In the past, opponents of legalization made the case that lifting restrictions on access to weed would push the number of teen smokers up, but as the number of marijuana use nationwide is falling considerably, prohibitionists begin to panic.

According to Mason Tvert, the Marijuana Policy Project’s director of communications, the theory that “making marijuana legal for adults will result in more teen use” has been clearly debunked with the help of these surveys. “Levels of teen use in Colorado have not increased since it ended marijuana prohibition,” Tvert added, “and they are lower than the national average. Elected officials and voters in states that are considering similar proposals should be wary of claims that it will hurt teens.”

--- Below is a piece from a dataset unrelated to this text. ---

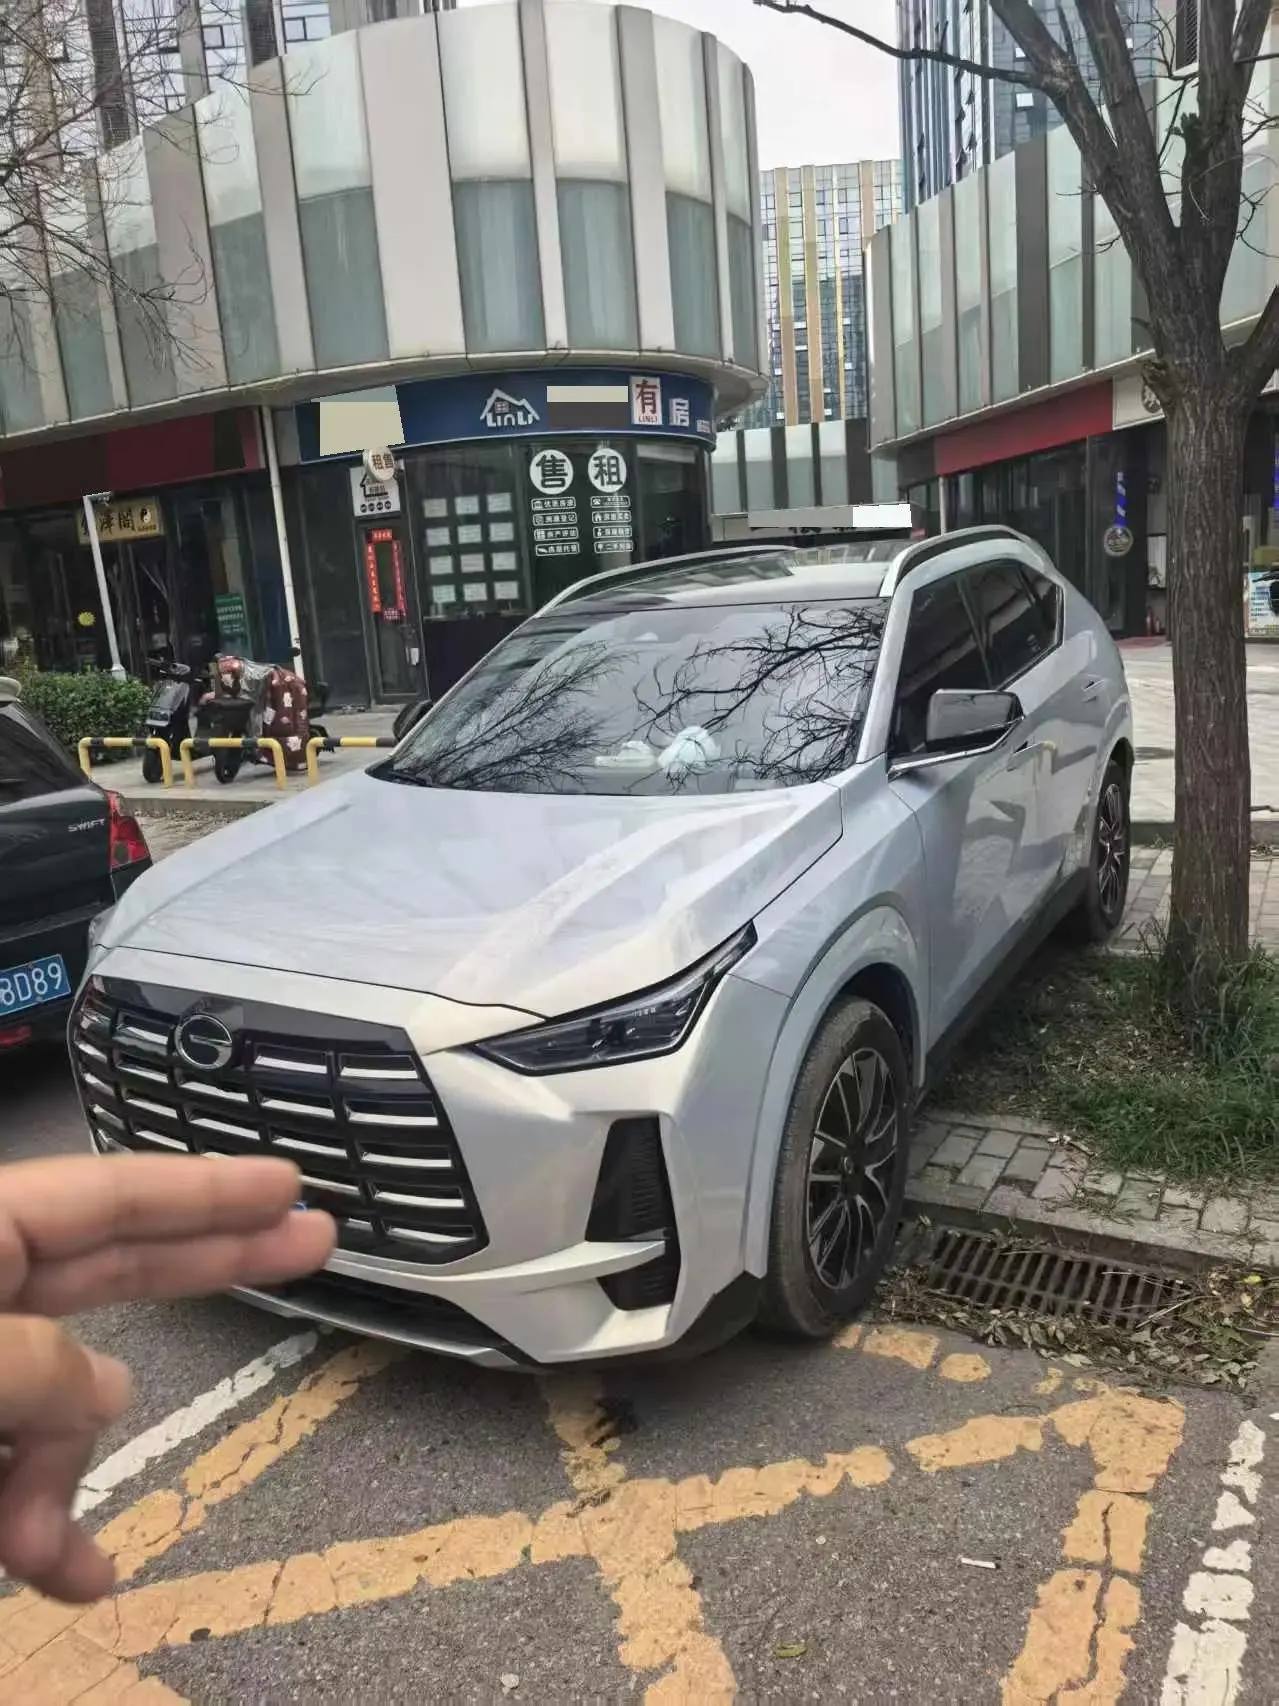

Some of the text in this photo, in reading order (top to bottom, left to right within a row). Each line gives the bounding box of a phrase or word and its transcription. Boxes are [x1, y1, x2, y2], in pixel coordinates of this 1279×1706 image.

But the fight against prohibition continues to win new supporters, even as prohibitionist politicians continue to put failed policies before real progress.

Most recently, a group known as Arkansans for Compassionate Care submitted 117,649 signatures to the secretary of state urging the state to place a proposal on the ballot that would legalize medical marijuana.

The proposal would help people with certain medical conditions have access to marijuana products with the help of a doctor’s recommendation. While the signatures haven’t been confirmed, the group needed 69,000 signatures from registered voters to have the initiative added to the ballot. Two other groups in the state of Arkansas are also gathering signatures for other proposals, one that would legalize medical marijuana and a second that would legalize recreational weed.

At least 25 states and Washington D.C. currently have laws legalizing marijuana in some form, with Ohio being the latest state to allow residents suffering from chronic pain, epilepsy, or side effects of cancer treatments to be treated with the help of cannabis.

As more states where the use of cannabis is legal investigate the use of its residents, it becomes clearer that freedom—not the government’s micromanagement skills—works.